Would anybody think that housing will go virtual? Of course, you'll need shelter in the real world (one bedroom apartment would be suffice). I'm thinking that the whole Metaverse that Facebook is creating would solve this problem. Everything will be virtual. Your workspace, your own virtual property and community.

Thoughts?

Comments

  • +24

    Farcebook solving things… yeah right…. Been under the bed too long I think.

    • +3

      Yup. Just another way of getting into people's pockets. Zuckerberg must have seen the Amazon series Upload and got a bright idea.

      • +4

        Agree, except for "bright idea". It's second life all over again.
        https://secondlife.com/

        • Facebook wasn't his idea. The poet Byron said something like: behind every fortune is a crime committed, conveniently forgotten.

  • +12

    Virtual worlds & economies have existed for at least 2 decades. Second Life was one of the biggest players early '00s.

    They're a distraction and diversion from reality, maybe little too much for some, but not a replacement.

    Not that any of us know the future but I doubt it would meaningfully take over the world. Especially not Facebook that many of us now shun. Not giving them any more info or power over my life.

    • We will be the renegades who wonder around watching the meta-humans drooling in their VR headsets obsessing over their "friend's" meta feeds.

      • Iunno.

        I still remember before when people thought crypto was a fad (some people still think it to this day). But at a price for 1 btc @ 90k, you start questioning.

        The same people think NFTs are a scam. But I'm starting to see the connection with a metaverse

        Something aren't real until you believe it is. The AUD doesn't have value, unless you have the Australian government/RBA backing it.

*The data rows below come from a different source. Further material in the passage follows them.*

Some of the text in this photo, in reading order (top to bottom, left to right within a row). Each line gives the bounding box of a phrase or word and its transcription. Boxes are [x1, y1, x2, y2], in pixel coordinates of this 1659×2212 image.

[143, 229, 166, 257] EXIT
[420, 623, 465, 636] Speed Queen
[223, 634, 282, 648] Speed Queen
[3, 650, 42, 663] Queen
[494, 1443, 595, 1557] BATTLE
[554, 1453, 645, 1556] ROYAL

        I'm a firm believer that timing is everything and maybe that's probably why Second Life didn't do as well as it wasn't as immersive.

        Don't know why people think metaverse = facebook. Microsoft is creating a metaverse too. There are many metaverses, just look at Decentraland

        • +1

          The same people think NFTs are a scam. But I'm starting to see the connection with a metaverse

          They're not a scam, and have a real world application, but a doodle of a penis is not worth $1m.

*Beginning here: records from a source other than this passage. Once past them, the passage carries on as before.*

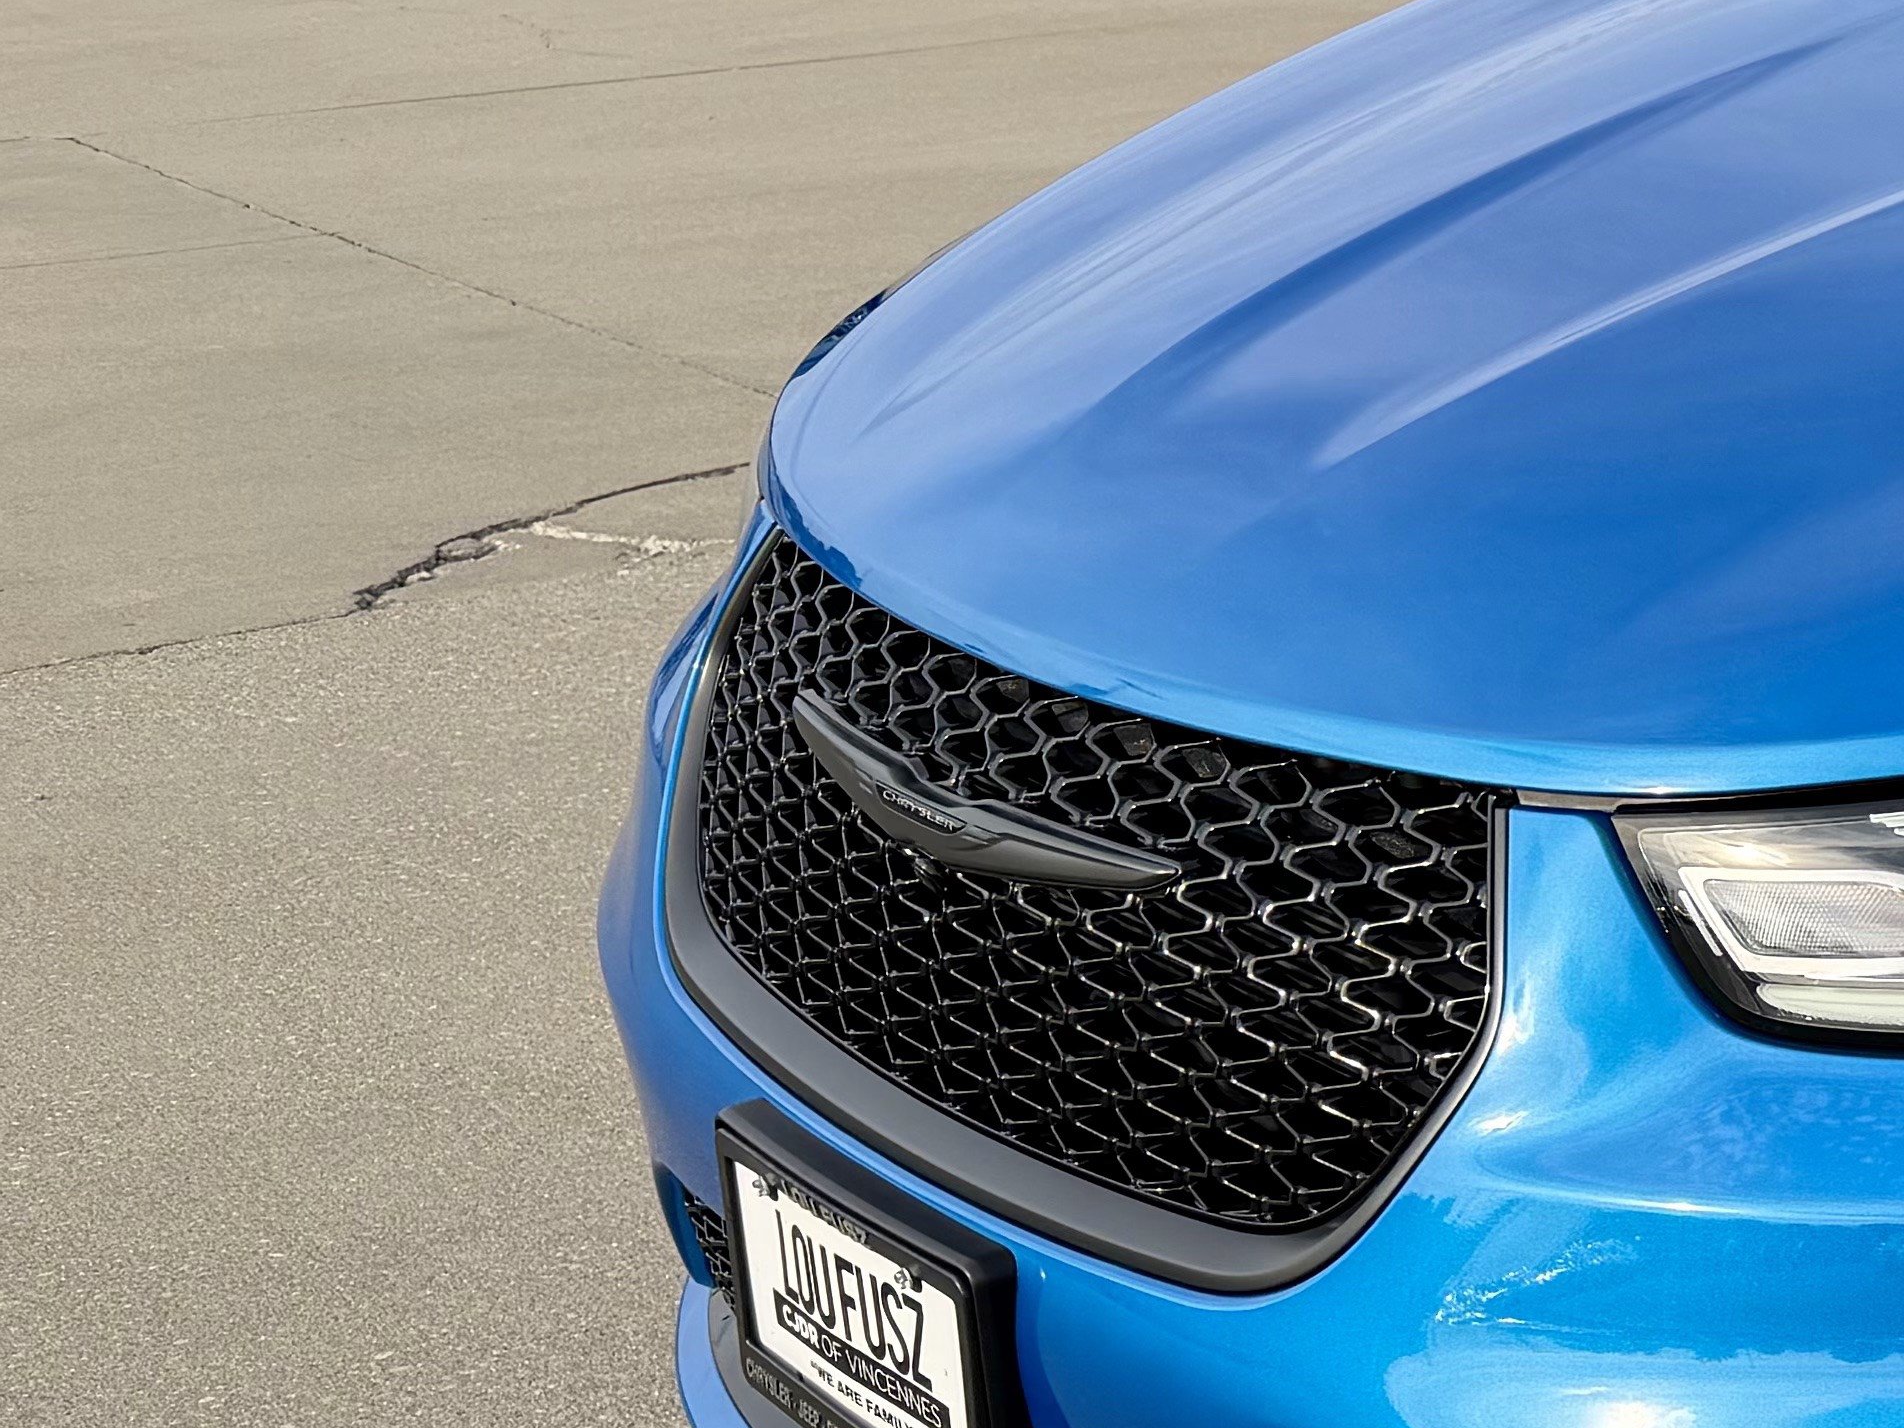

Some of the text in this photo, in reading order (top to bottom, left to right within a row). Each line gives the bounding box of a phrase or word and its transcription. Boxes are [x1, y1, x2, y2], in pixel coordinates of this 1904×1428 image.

[882, 789, 954, 832] CHRYSLER
[775, 1209, 933, 1393] LOU FUSZ
[746, 1358, 792, 1410] CHRYSLER
[798, 1398, 820, 1428] JEEP
[782, 1304, 943, 1428] CJDR OF VINCENNES
[837, 1378, 863, 1408] ARE

          But then again Shiba isn't worth how much it is, but here we are.

        • You cannot use Crypto for real life because it's too volatile, ergo it's just and purely for speculation.
          Additionally, all the CPU power uses electricity, which many countries are running out of. So Lower Carbon emission might slow down crypto currency spreading.

      • Yes I will be feeling very superior with my augmented reality visor, looking down my nose and snarling at the lowly VR underclass, and refusing to blink at the hyperlink defining irony.

        SRS though give me the augmented visor pls

    • They're a distraction and diversion from reality, maybe little too much for some, but not a replacement.

      Or The Matrix is Meta. Maybe just like ideas of Musk and Bezos came from their sci fi readings. Meta just came from Zuckerberg's viewings of The Matrix.

  • +5

    Would anybody think that housing will go virtual? Of course, you'll need shelter in the real world (one bedroom apartment would be suffice). I'm thinking that the whole Metaverse that Facebook is creating would solve this problem. Everything will be virtual. Your workspace, your own virtual property and community.

    Did someone watch Ready, Player One last night? Live in a box, work online, virtual community, pizza delivery by drone.

    • -2

      Sure you live in a box in reality. But your virtual house could be plentiful.
      Sure you could be lying to yourself, but does anybody care?

    • Did someone watch Ready, Player One

      Lol had the same thought

    • -2

      Pretty sure I have been living that dream for 2 years now.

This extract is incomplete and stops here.